● **RECORDS SHOWN**:
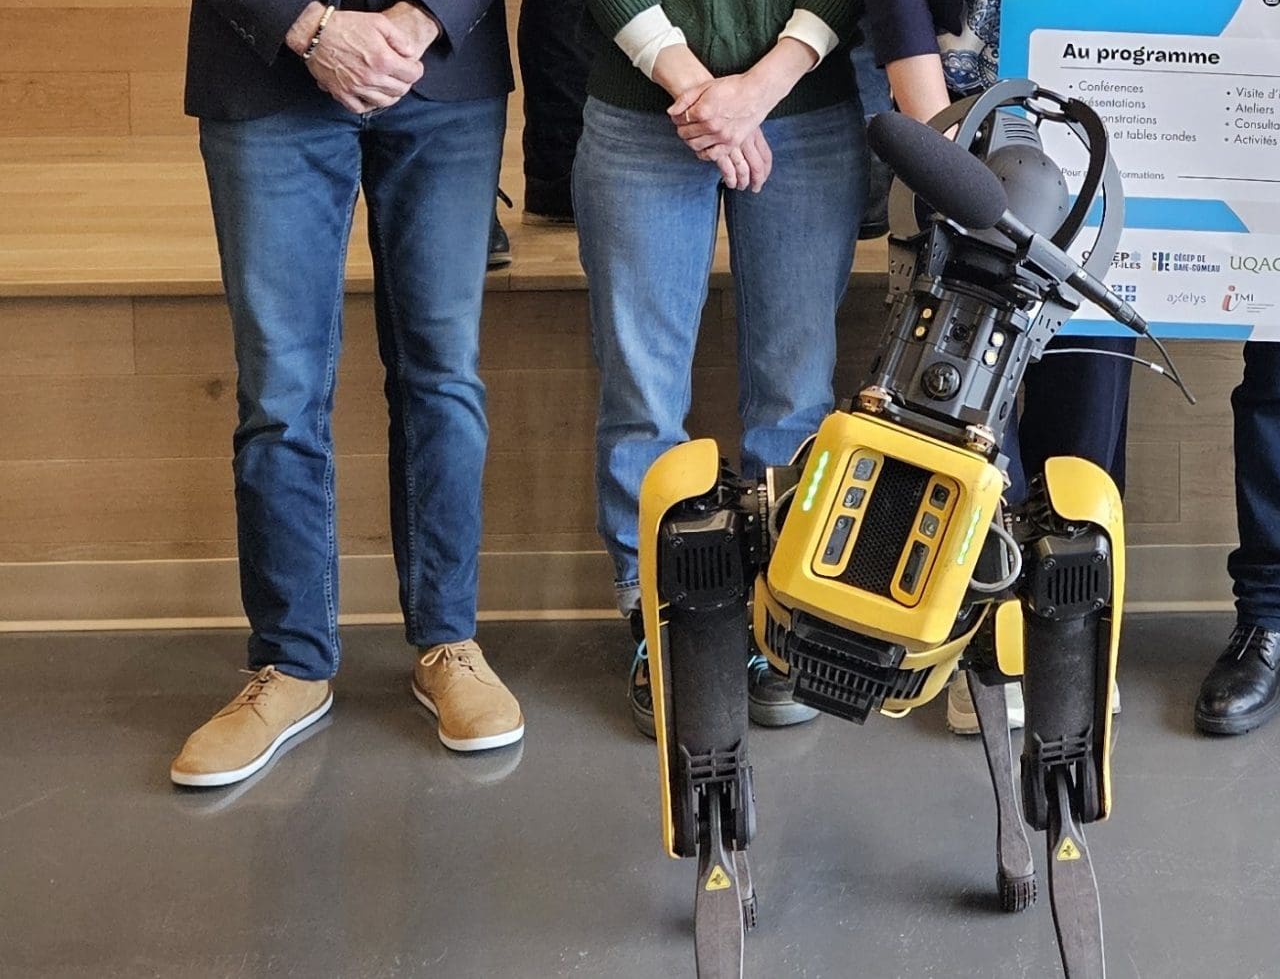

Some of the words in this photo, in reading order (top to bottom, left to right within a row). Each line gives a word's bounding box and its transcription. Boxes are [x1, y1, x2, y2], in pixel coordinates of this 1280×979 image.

[1062, 43, 1090, 60] Au
[1097, 46, 1221, 66] programme
[1078, 80, 1144, 93] Conférences
[1236, 87, 1265, 99] Visite
[1235, 103, 1275, 115] Ateliers
[1101, 114, 1158, 125] onstrations
[1113, 130, 1123, 140] et
[1126, 130, 1158, 141] tables
[1161, 131, 1197, 142] rondes
[1233, 133, 1278, 146] Activités
[1061, 167, 1081, 177] Pour
[1118, 170, 1166, 180] formations
[1081, 250, 1130, 262] CEP
[1173, 252, 1196, 262] CÉGEP
[1197, 254, 1207, 263] DE
[1173, 263, 1221, 273] BAIE-COMEAU
[1166, 292, 1207, 306] axelys
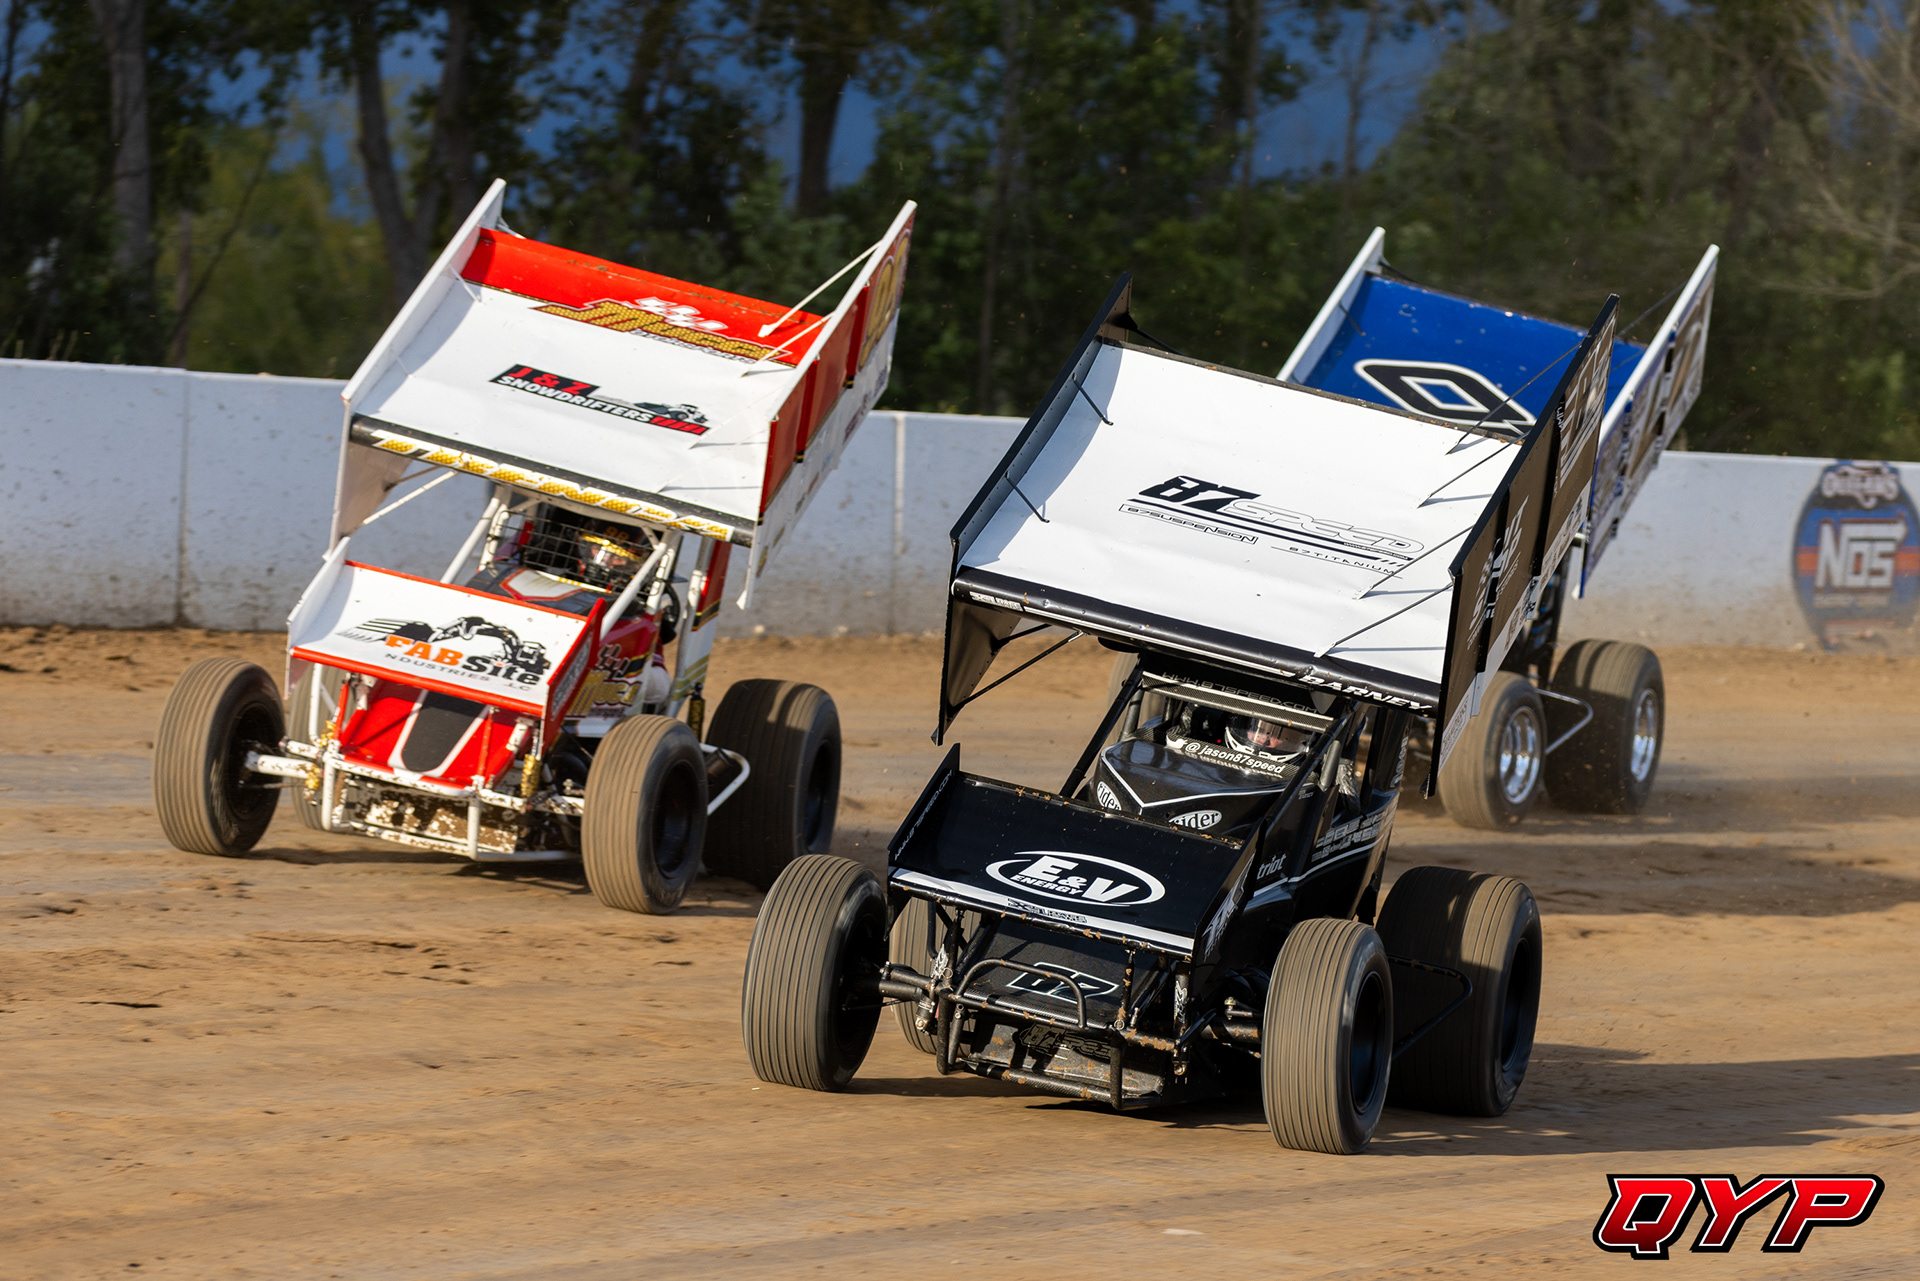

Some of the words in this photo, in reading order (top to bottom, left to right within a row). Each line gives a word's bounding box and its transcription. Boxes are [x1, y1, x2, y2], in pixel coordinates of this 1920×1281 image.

[508, 366, 534, 379] J
[533, 374, 559, 389] &
[561, 381, 593, 395] Z
[498, 376, 653, 423] SNOWDRIFTERS
[1139, 475, 1262, 512] 87
[1127, 507, 1256, 544] 87SUSPENSION
[1223, 498, 1425, 554] SPEED
[1289, 546, 1396, 574] 87TITANIUM
[1814, 518, 1908, 590] NOS
[385, 634, 464, 667] FAB
[462, 655, 541, 685] Site
[1185, 742, 1286, 775] @jason87speed
[1170, 812, 1219, 830] ider
[1256, 853, 1287, 880] triot
[1010, 874, 1084, 896] ENERGY
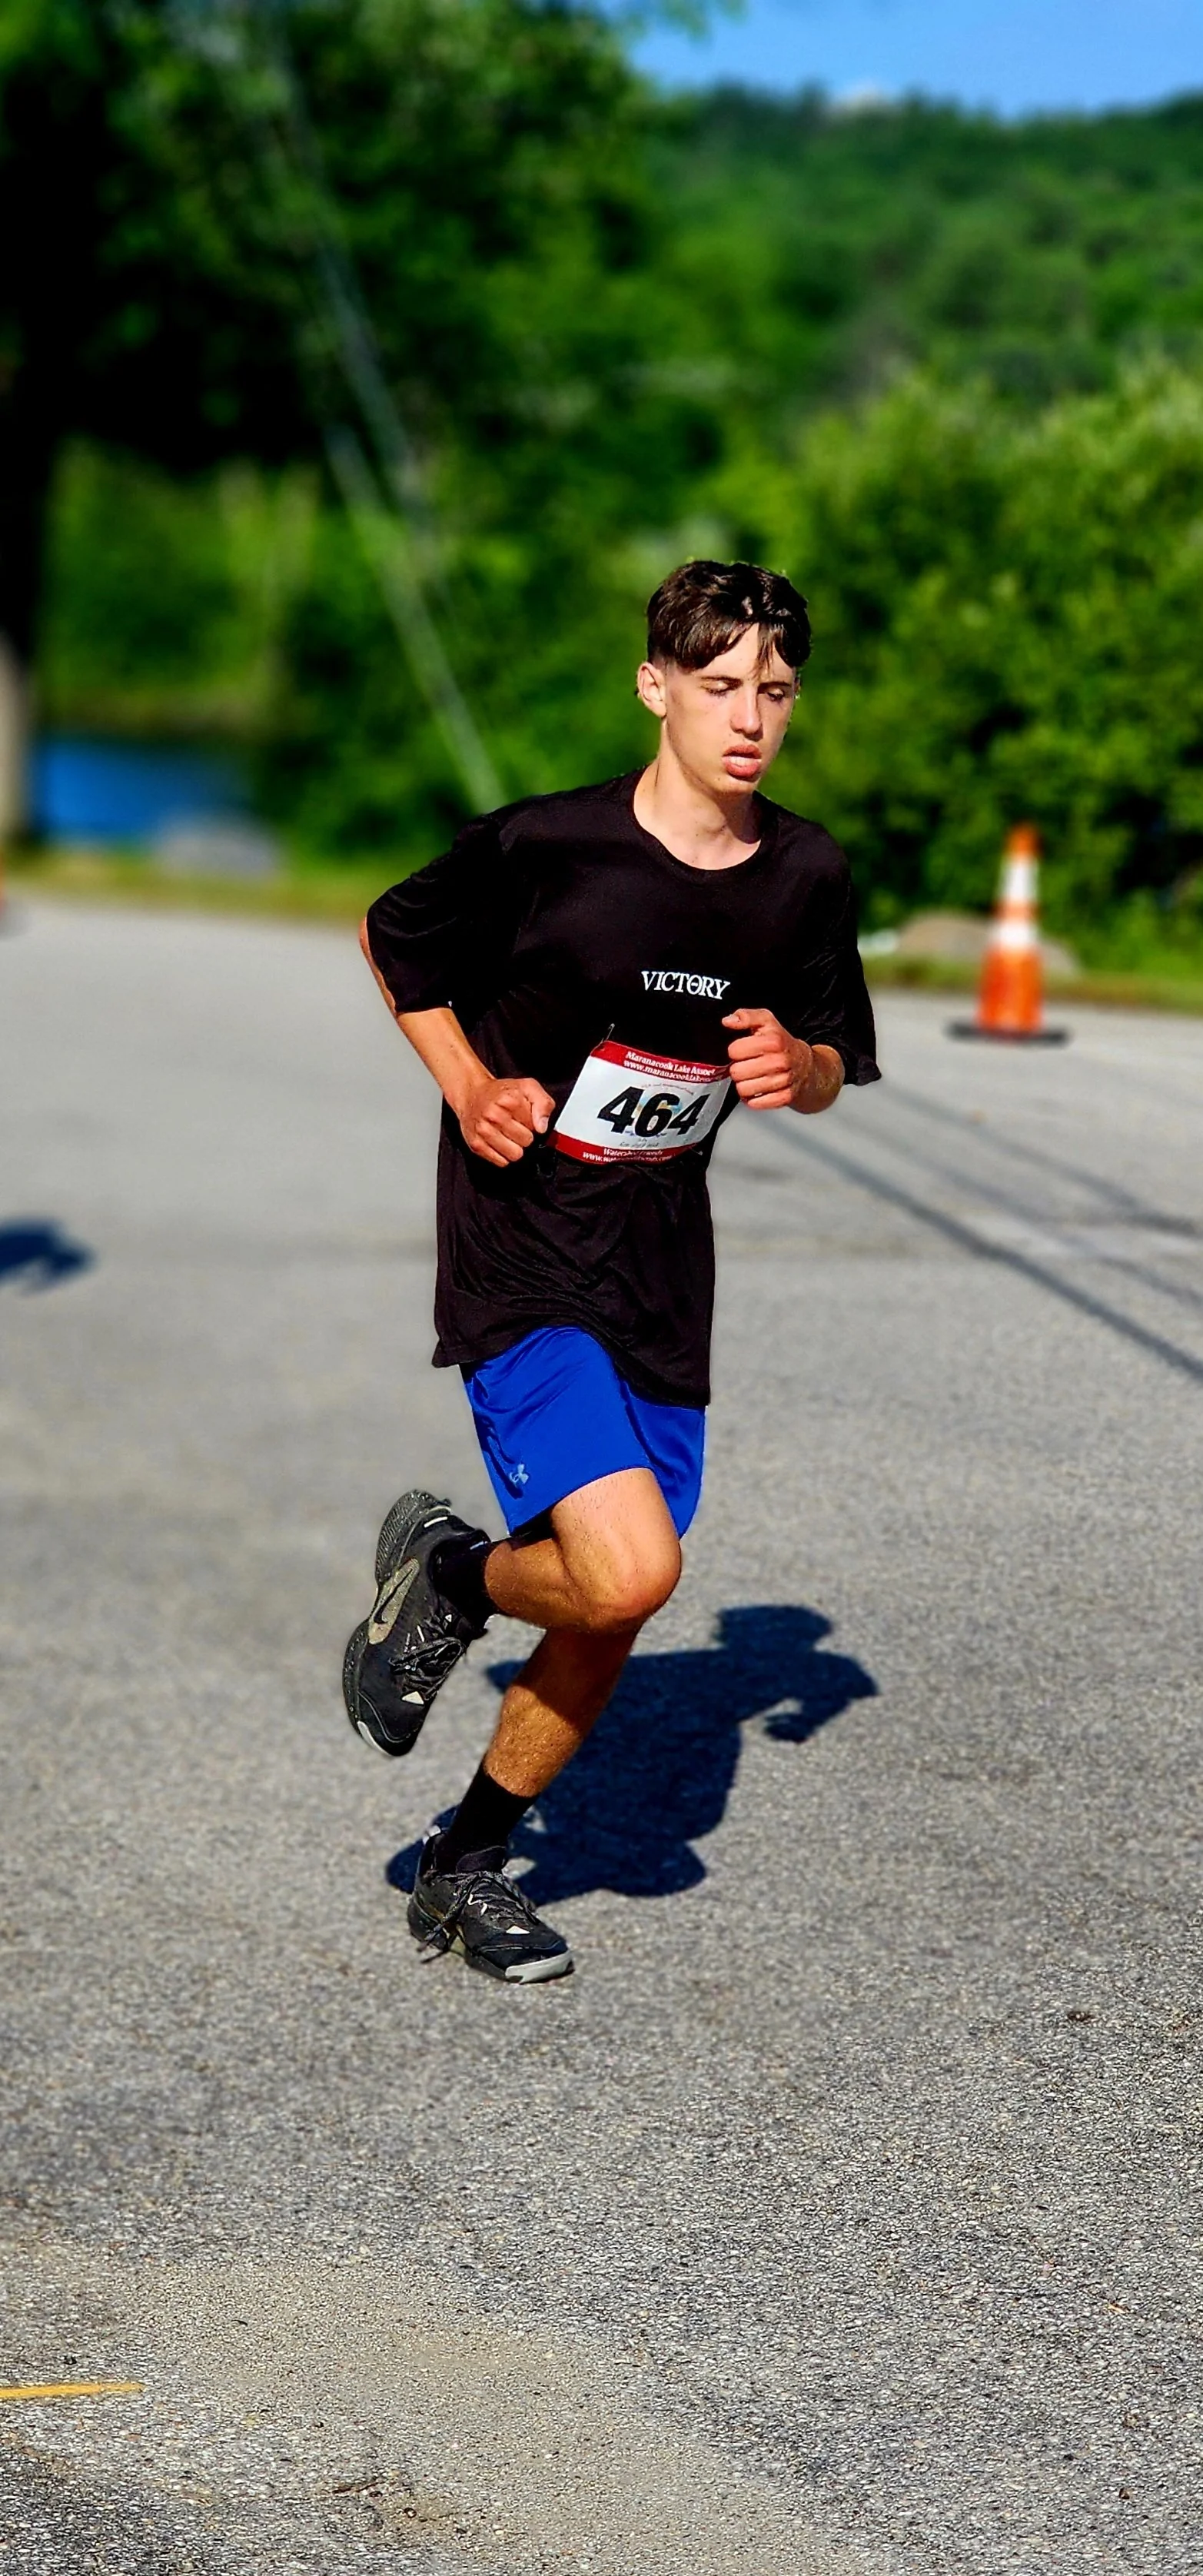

● **YOUR TASK**: Your answer must be the lines from the line containing "this 1920×1281 image." through the final line of the data, written out exactly, both ends included and pictures left out.

● **SOLVED EXERCISE**:
Some of the words in this photo, in reading order (top to bottom, left to right within a row). Each line gives a word's bounding box and its transcription. Boxes are [x1, y1, x2, y2], in pixel coordinates of this 1920×1281 image.

[508, 366, 534, 379] J
[533, 374, 559, 389] &
[561, 381, 593, 395] Z
[498, 376, 653, 423] SNOWDRIFTERS
[1139, 475, 1262, 512] 87
[1127, 507, 1256, 544] 87SUSPENSION
[1223, 498, 1425, 554] SPEED
[1289, 546, 1396, 574] 87TITANIUM
[1814, 518, 1908, 590] NOS
[385, 634, 464, 667] FAB
[462, 655, 541, 685] Site
[1185, 742, 1286, 775] @jason87speed
[1170, 812, 1219, 830] ider
[1256, 853, 1287, 880] triot
[1010, 874, 1084, 896] ENERGY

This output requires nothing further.